→ Try it: In the copy of these records, include no pictures and change nothing else.

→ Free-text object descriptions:
====

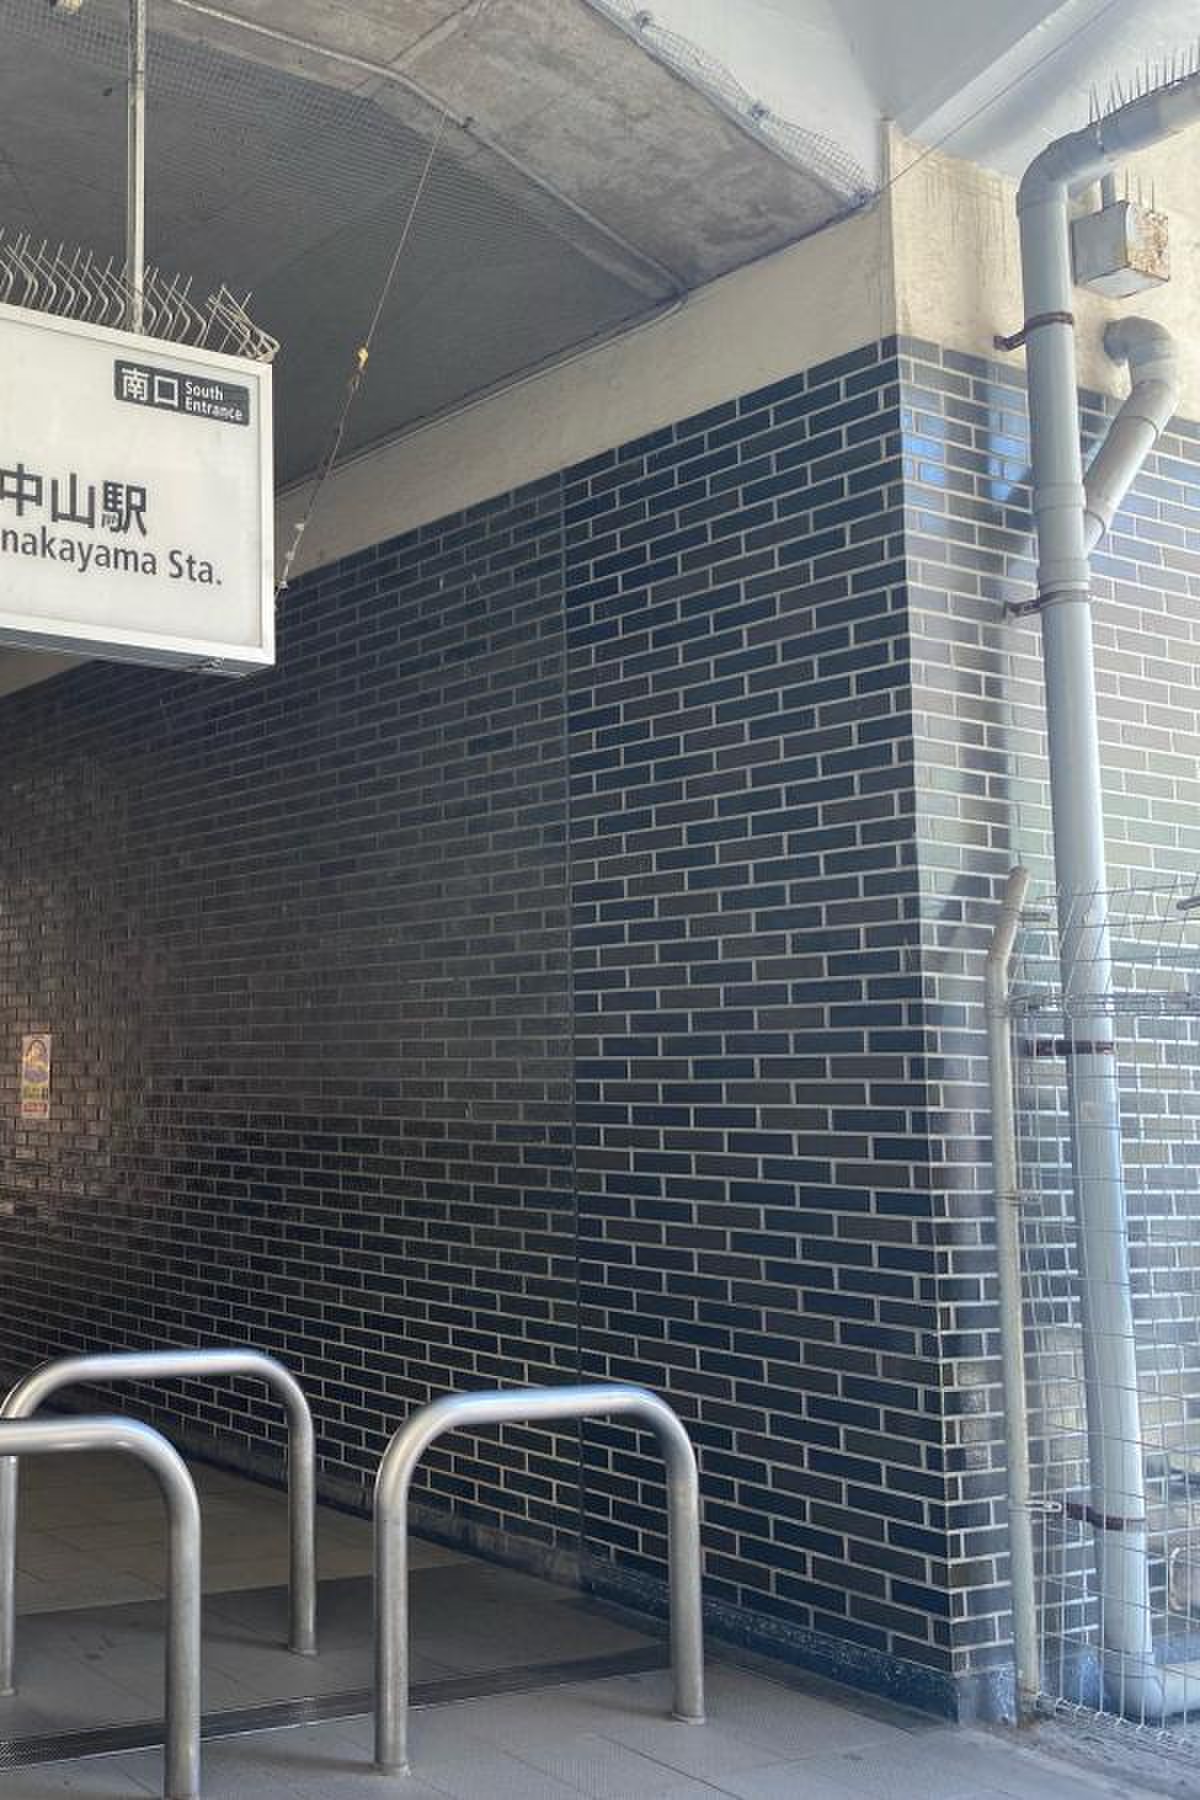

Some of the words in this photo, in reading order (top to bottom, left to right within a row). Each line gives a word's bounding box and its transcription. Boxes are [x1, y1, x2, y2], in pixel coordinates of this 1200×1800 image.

[121, 367, 179, 408] 南口
[184, 381, 224, 401] South
[185, 397, 243, 421] Entrance
[168, 549, 223, 586] Sta.

====

→ Task solution:
Some of the words in this photo, in reading order (top to bottom, left to right within a row). Each line gives a word's bounding box and its transcription. Boxes are [x1, y1, x2, y2], in pixel coordinates of this 1200×1800 image.

[121, 367, 179, 408] 南口
[184, 381, 224, 401] South
[185, 397, 243, 421] Entrance
[168, 549, 223, 586] Sta.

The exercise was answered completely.